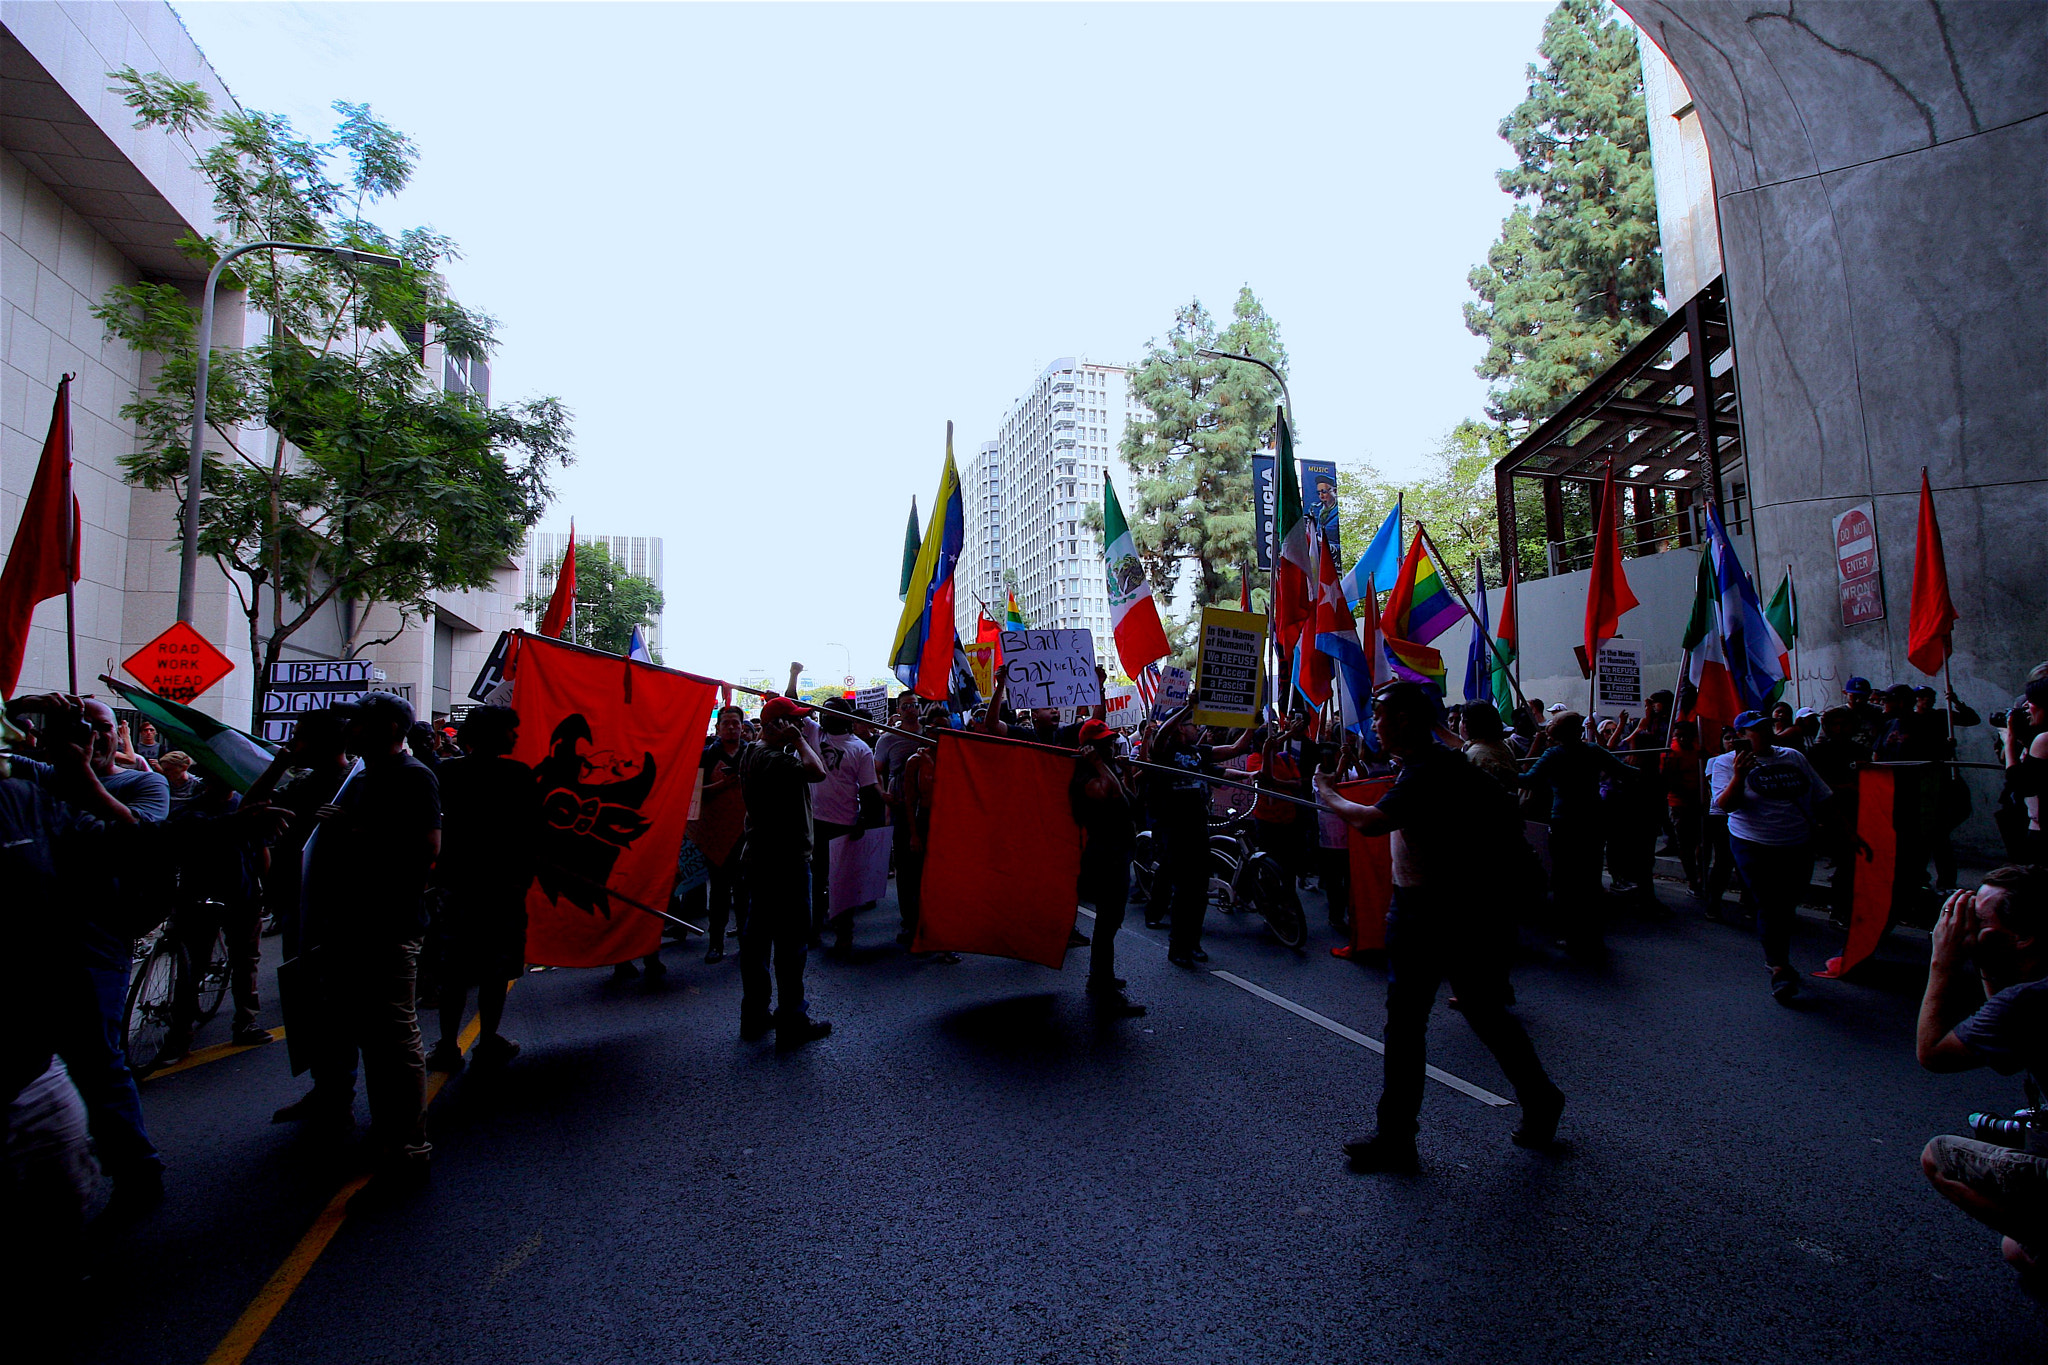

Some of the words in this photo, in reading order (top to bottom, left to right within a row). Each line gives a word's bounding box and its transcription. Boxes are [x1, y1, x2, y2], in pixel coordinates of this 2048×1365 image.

[1261, 467, 1274, 516] UCLA
[1840, 528, 1850, 542] DO
[1853, 520, 1867, 536] NOT
[1846, 556, 1868, 574] ENTER
[1841, 581, 1877, 600] WRONG
[1852, 601, 1872, 616] WAY
[1207, 626, 1215, 636] In
[1217, 627, 1231, 638] the
[1232, 629, 1255, 641] Name
[159, 644, 199, 654] ROAD
[1206, 638, 1214, 646] of
[1216, 638, 1256, 653] Humanity,
[158, 660, 200, 669] WORK
[1207, 650, 1220, 662] We
[1221, 653, 1256, 667] REFUSE
[1210, 665, 1220, 675] To
[1222, 666, 1250, 679] Accept
[1613, 667, 1638, 675] REFUSE
[153, 675, 202, 686] AHEAD
[1217, 679, 1247, 692] Fascist
[1105, 695, 1131, 713] UMP
[1211, 692, 1244, 704] America
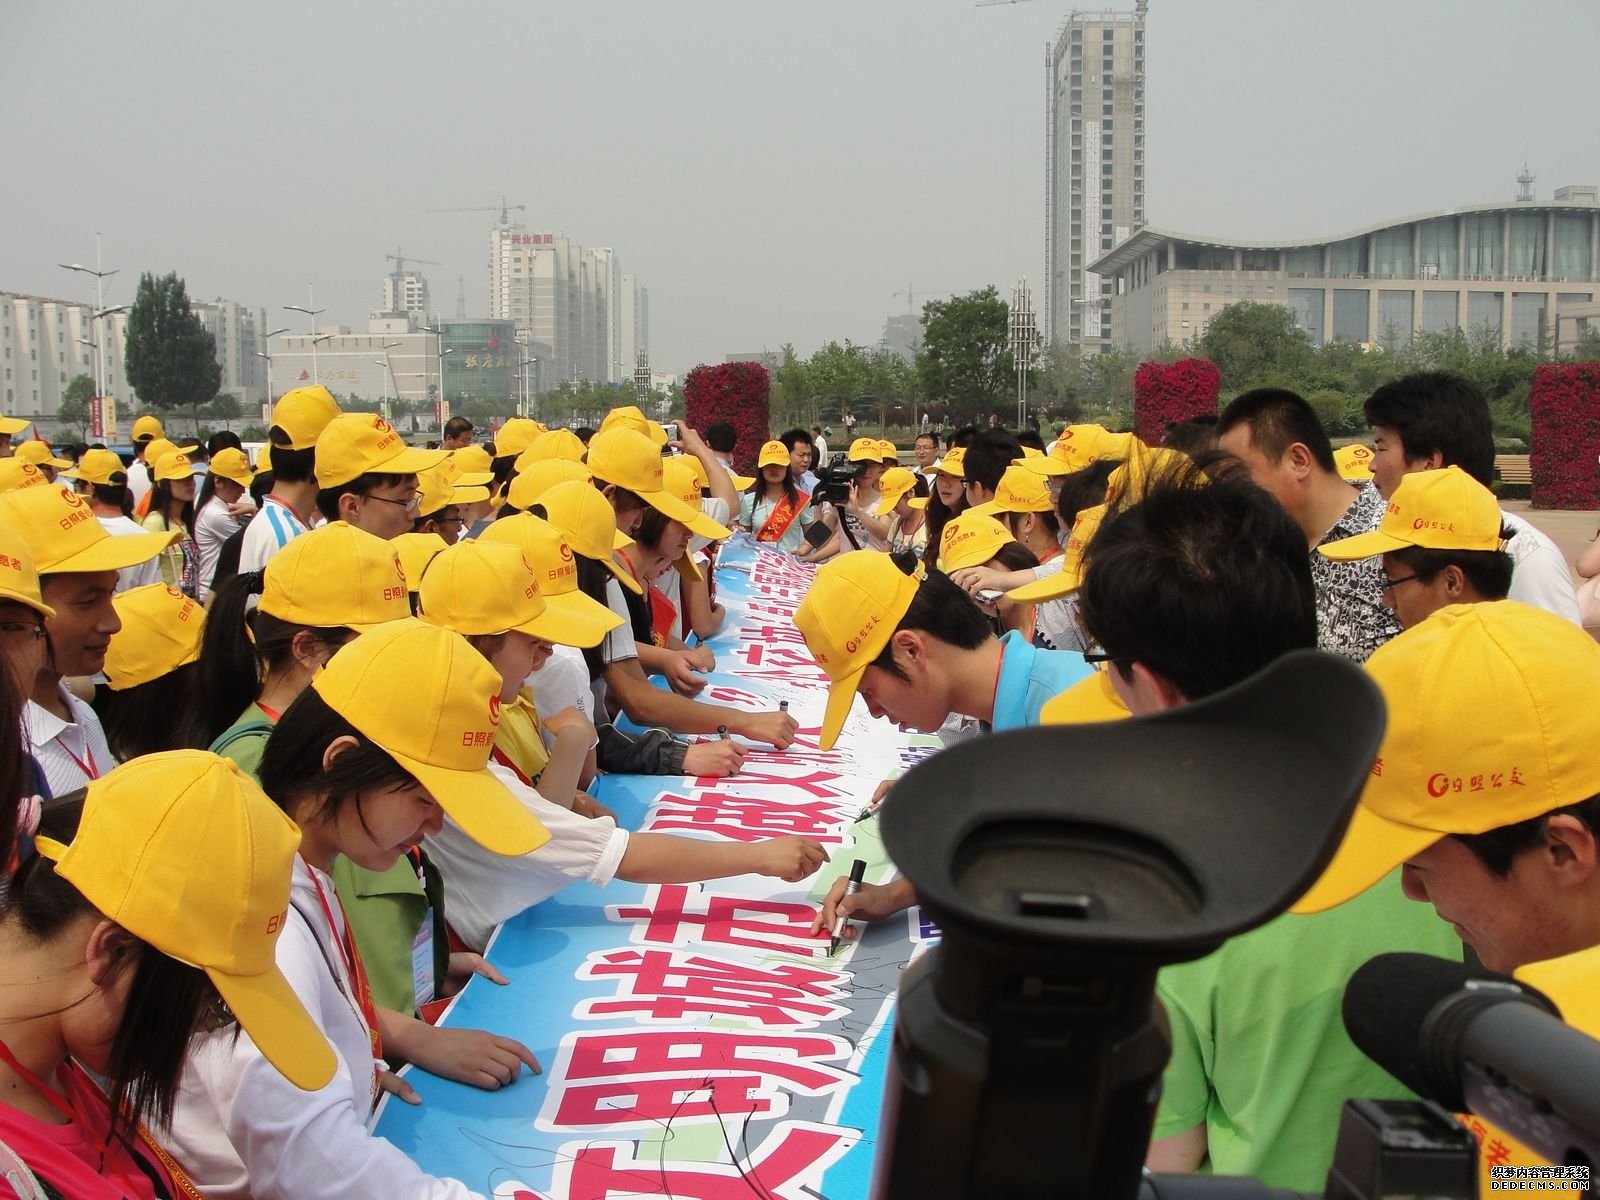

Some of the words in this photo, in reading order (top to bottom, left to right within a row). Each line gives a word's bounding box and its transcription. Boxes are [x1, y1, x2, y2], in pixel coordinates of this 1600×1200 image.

[511, 234, 553, 244] 兴业集团
[1452, 766, 1526, 793] 日照公交

* * *

Task >> All lines from the one that holds "this 1600×1200 image." through the end of the material, both ends included, should be restated exactly.

Response below >>
Some of the words in this photo, in reading order (top to bottom, left to right within a row). Each line gives a word's bounding box and its transcription. Boxes are [x1, y1, x2, y2], in pixel coordinates of this 1600×1200 image.

[511, 234, 553, 244] 兴业集团
[1452, 766, 1526, 793] 日照公交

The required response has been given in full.